Anywho, my thoughts:
1. I could not tell from the video if the berserker's charge was building up based on "hits landed" or "damage dealt." The difference is hugely important because a "charge up per hits landed" mechanic is going to prove virtually unbalanceable. The traditional tradeoff in action games of all stripes (including ARPGs) is that attack speed and damage per hit are inversely correlated. (ie Things like hammers deal huge damage but swing slowly; Things like daggers swing quickly, but deal low damage. Overall DPS works out the same either way (or at least it's supposed to if the game is balanced properly).) However, a charge bar that filled on a per-hit basis and awarded extra critical hits would directly correlate damage per hit to attack speed. This would push berserker build optimality into a 1-peaked configuration centered around the fastest possible attack speed, leaving everything else as "neat, but too slow to be any good."
This, btw, is quite similar to what happened with TL1 enchanting allowing you to arbitrarily increase damage per hit (but not do much about attack speed) of any weapon -- base attack speed became the be-all-end-all of weapon stats. (Aside to Runic,
please make sure that enchanting does not return in anything even remotely resembling its TL1 form.)
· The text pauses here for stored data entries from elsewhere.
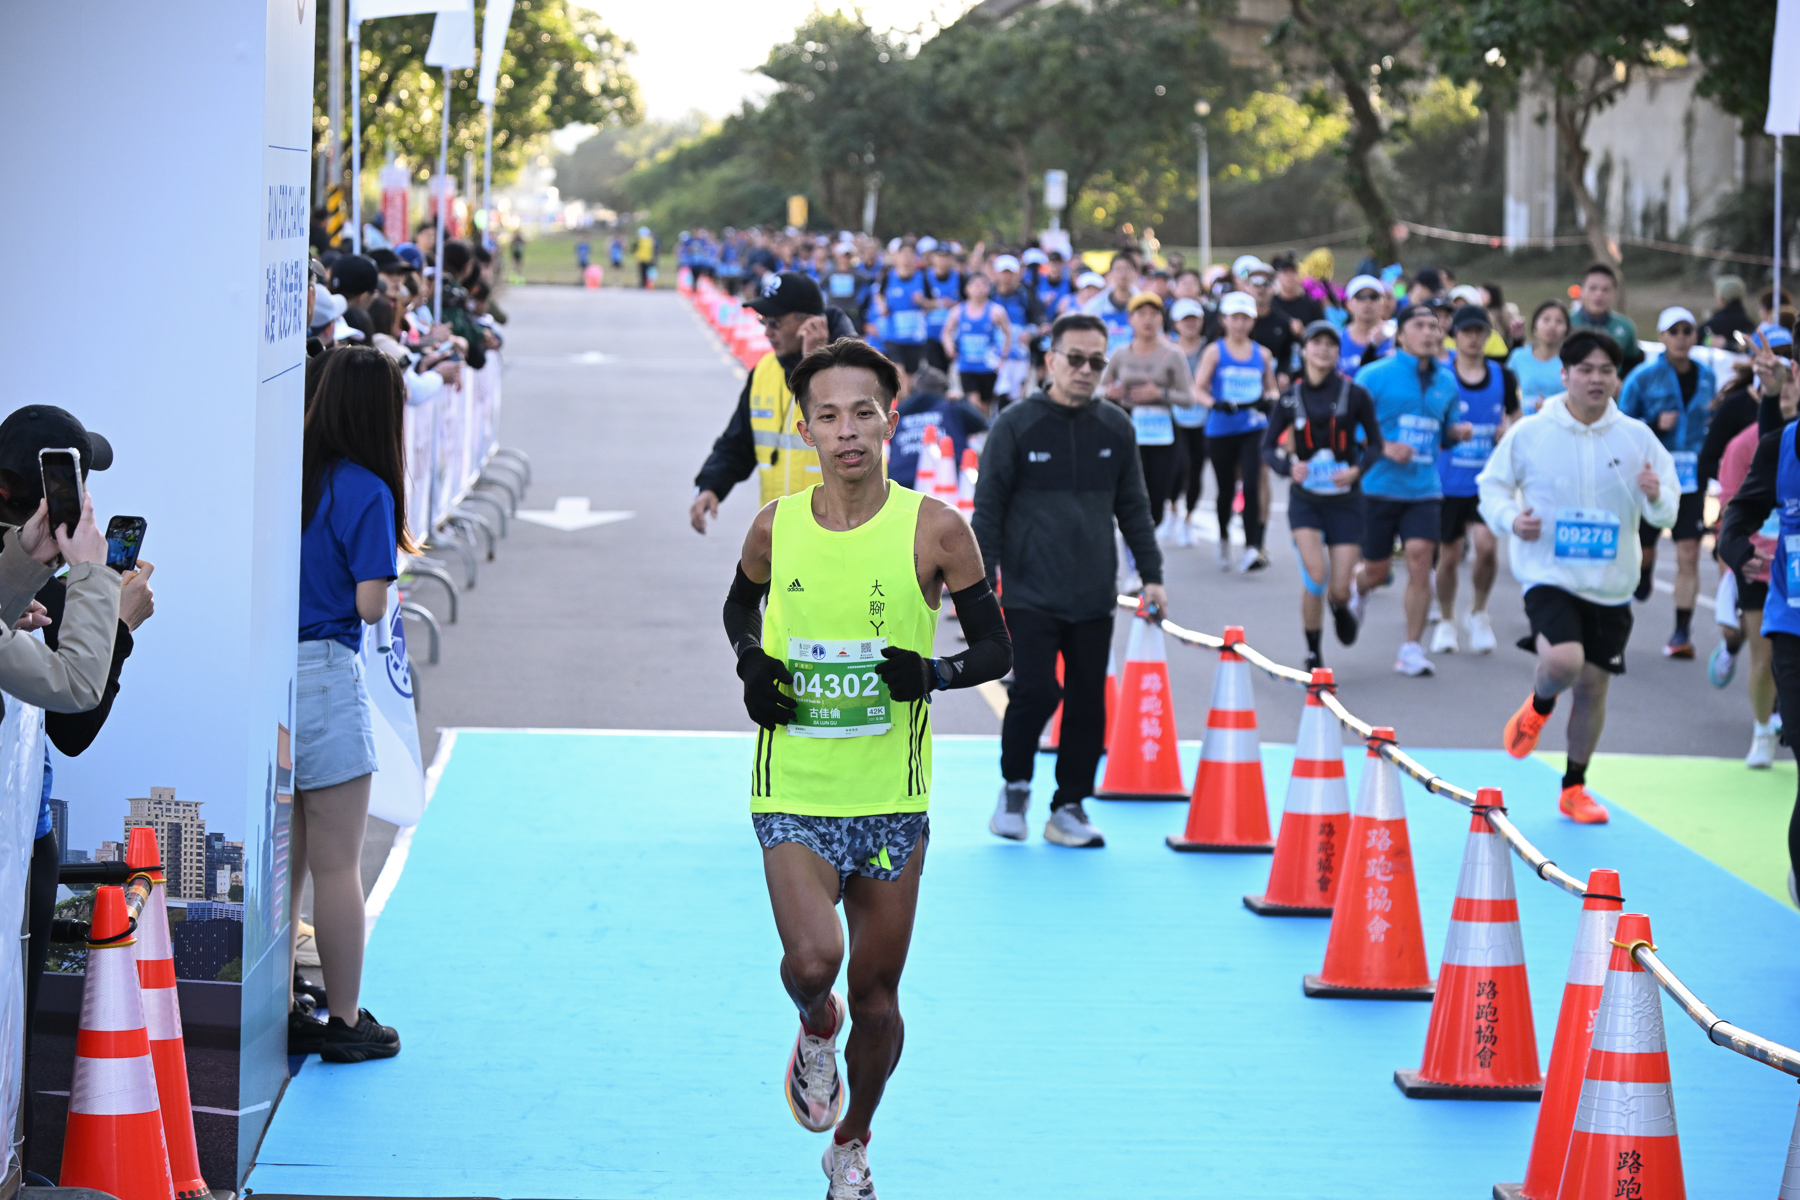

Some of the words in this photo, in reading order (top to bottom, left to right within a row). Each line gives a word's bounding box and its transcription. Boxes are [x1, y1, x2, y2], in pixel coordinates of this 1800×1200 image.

[1558, 525, 1613, 545] 09278
[793, 671, 880, 698] 04302
[809, 708, 841, 719] 古佳倫
[1139, 672, 1163, 762] 路跑協會
[1316, 821, 1337, 894] 路跑協會
[1365, 826, 1395, 943] 路跑協會
[1474, 979, 1500, 1070] 路跑協會
The other classes are going to have pretty much the same issue with a "hits landed" charge-up system.
So, to sum up, charging should be based on "damage dealt." [but see below]
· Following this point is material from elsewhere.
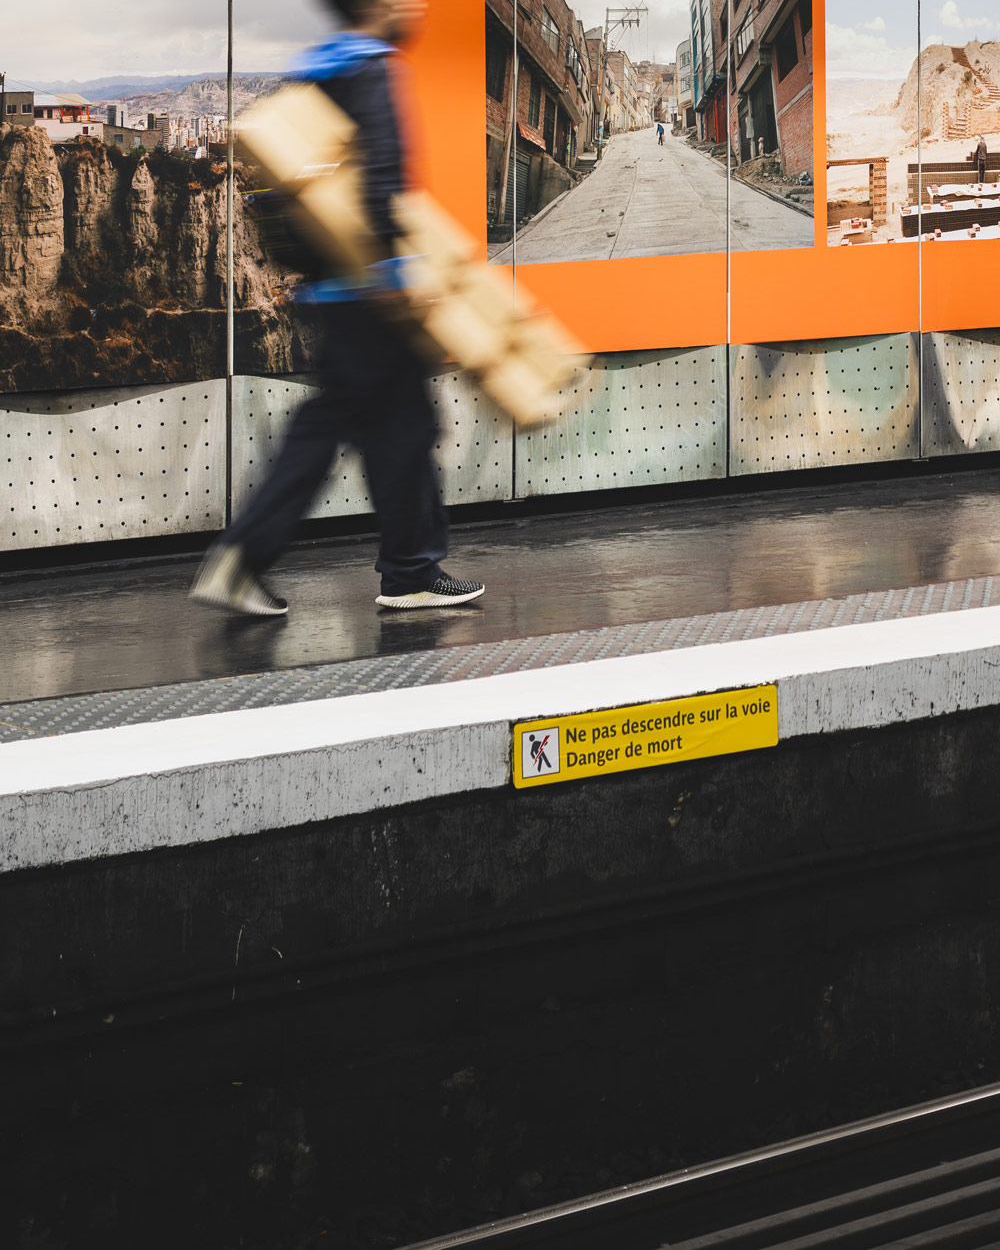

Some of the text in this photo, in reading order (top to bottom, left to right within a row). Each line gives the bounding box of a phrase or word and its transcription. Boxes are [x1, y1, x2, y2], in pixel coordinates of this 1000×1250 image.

(Self-contradictory thought: A "damage dealt" charge up system passes through the unpredictability of the damage system, which can make it hard to play the system tactically. A "hits landed" charge-up system is totally predictable and therefore lends itself to tactical use. So, pick your poison: a charge-up system that unbalances everything in favor of max attack speed or one that is hard to make intelligent use of.)
[Actually..... the more I think about that, the more I feel that (1) being tactical-use-friendly may well be the more important issue, so perhaps a "hit based" charge-up system would be better; and (2) the fact that you have to break something either way takes me back to wondering if maybe the best answer of all is no charge-up system.]
2. The ease of charging/overall uptime ratio seen in the video seemed... well... just about right. It looked like you could simply ignore the whole charging business and treat it like a baseline DPS boost inherent to the class; OR approach the charging up tactically (timing and target selection conscious of the charge bar) and reap a slightly higher practical DPS when and where it matters; with the difference between the two roughly in proportion to the added costs in terms of concentration and repositioning/holding back. Either Runic tested this out or they got really lucky.
At least for the berserker.
If the outlander is merely getting an IAS/IMS boost, it should work about the same as the berserker.
I'm most worried about the embermage. Free spells with fast casting sounds a lot more potent than auto crits. Where the berserker seems (as best one can judge from a single video) to have hit the sweet spot between the charge-up mechanic being pointless and being all-important, the embermage may tip over into having a charge-up mechanic that's all-important.
Sounds like the engineer is going to play like a D2 Phoenix Strike Sin -- charge up, release, lather, rinse, repeat. That's fine I guess, but I would like to see non-charge-up-based builds being equally viable with charge-up-based builds. Or at least a variety of finisher moves to avoid a situation where there's really only one viable engineer build.